■ Description of the task
Would you write out all the records again, exactly?

[Data entries]
»»

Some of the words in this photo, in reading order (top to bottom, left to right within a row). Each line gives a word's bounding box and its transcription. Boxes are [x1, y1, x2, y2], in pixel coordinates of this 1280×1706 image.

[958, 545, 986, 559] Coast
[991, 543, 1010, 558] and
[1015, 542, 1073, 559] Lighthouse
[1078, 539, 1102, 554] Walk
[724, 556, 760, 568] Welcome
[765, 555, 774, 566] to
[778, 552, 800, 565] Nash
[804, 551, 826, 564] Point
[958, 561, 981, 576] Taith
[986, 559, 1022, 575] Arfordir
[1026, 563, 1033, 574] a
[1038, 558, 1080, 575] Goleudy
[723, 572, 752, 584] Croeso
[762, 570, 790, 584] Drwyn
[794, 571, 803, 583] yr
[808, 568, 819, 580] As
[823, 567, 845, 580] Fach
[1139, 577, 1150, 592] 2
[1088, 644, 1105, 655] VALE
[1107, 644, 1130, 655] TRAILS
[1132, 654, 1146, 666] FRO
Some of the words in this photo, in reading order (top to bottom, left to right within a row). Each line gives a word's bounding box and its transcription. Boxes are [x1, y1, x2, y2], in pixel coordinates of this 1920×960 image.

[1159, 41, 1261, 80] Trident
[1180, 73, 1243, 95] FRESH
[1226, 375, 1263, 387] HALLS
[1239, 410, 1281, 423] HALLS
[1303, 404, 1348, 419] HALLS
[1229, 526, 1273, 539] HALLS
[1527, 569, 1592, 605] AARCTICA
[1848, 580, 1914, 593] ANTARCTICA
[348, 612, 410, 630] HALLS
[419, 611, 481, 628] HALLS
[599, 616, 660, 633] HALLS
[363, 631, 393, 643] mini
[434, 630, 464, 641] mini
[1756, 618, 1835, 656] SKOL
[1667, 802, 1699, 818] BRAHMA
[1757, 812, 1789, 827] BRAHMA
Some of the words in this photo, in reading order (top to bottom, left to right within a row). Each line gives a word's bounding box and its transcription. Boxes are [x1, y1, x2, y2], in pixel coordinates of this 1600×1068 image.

««

■ Answer box
Some of the words in this photo, in reading order (top to bottom, left to right within a row). Each line gives a word's bounding box and its transcription. Boxes are [x1, y1, x2, y2], in pixel coordinates of this 1280×1706 image.

[958, 545, 986, 559] Coast
[991, 543, 1010, 558] and
[1015, 542, 1073, 559] Lighthouse
[1078, 539, 1102, 554] Walk
[724, 556, 760, 568] Welcome
[765, 555, 774, 566] to
[778, 552, 800, 565] Nash
[804, 551, 826, 564] Point
[958, 561, 981, 576] Taith
[986, 559, 1022, 575] Arfordir
[1026, 563, 1033, 574] a
[1038, 558, 1080, 575] Goleudy
[723, 572, 752, 584] Croeso
[762, 570, 790, 584] Drwyn
[794, 571, 803, 583] yr
[808, 568, 819, 580] As
[823, 567, 845, 580] Fach
[1139, 577, 1150, 592] 2
[1088, 644, 1105, 655] VALE
[1107, 644, 1130, 655] TRAILS
[1132, 654, 1146, 666] FRO
Some of the words in this photo, in reading order (top to bottom, left to right within a row). Each line gives a word's bounding box and its transcription. Boxes are [x1, y1, x2, y2], in pixel coordinates of this 1920×960 image.

[1159, 41, 1261, 80] Trident
[1180, 73, 1243, 95] FRESH
[1226, 375, 1263, 387] HALLS
[1239, 410, 1281, 423] HALLS
[1303, 404, 1348, 419] HALLS
[1229, 526, 1273, 539] HALLS
[1527, 569, 1592, 605] AARCTICA
[1848, 580, 1914, 593] ANTARCTICA
[348, 612, 410, 630] HALLS
[419, 611, 481, 628] HALLS
[599, 616, 660, 633] HALLS
[363, 631, 393, 643] mini
[434, 630, 464, 641] mini
[1756, 618, 1835, 656] SKOL
[1667, 802, 1699, 818] BRAHMA
[1757, 812, 1789, 827] BRAHMA
Some of the words in this photo, in reading order (top to bottom, left to right within a row). Each line gives a word's bounding box and its transcription. Boxes are [x1, y1, x2, y2], in pixel coordinates of this 1600×1068 image.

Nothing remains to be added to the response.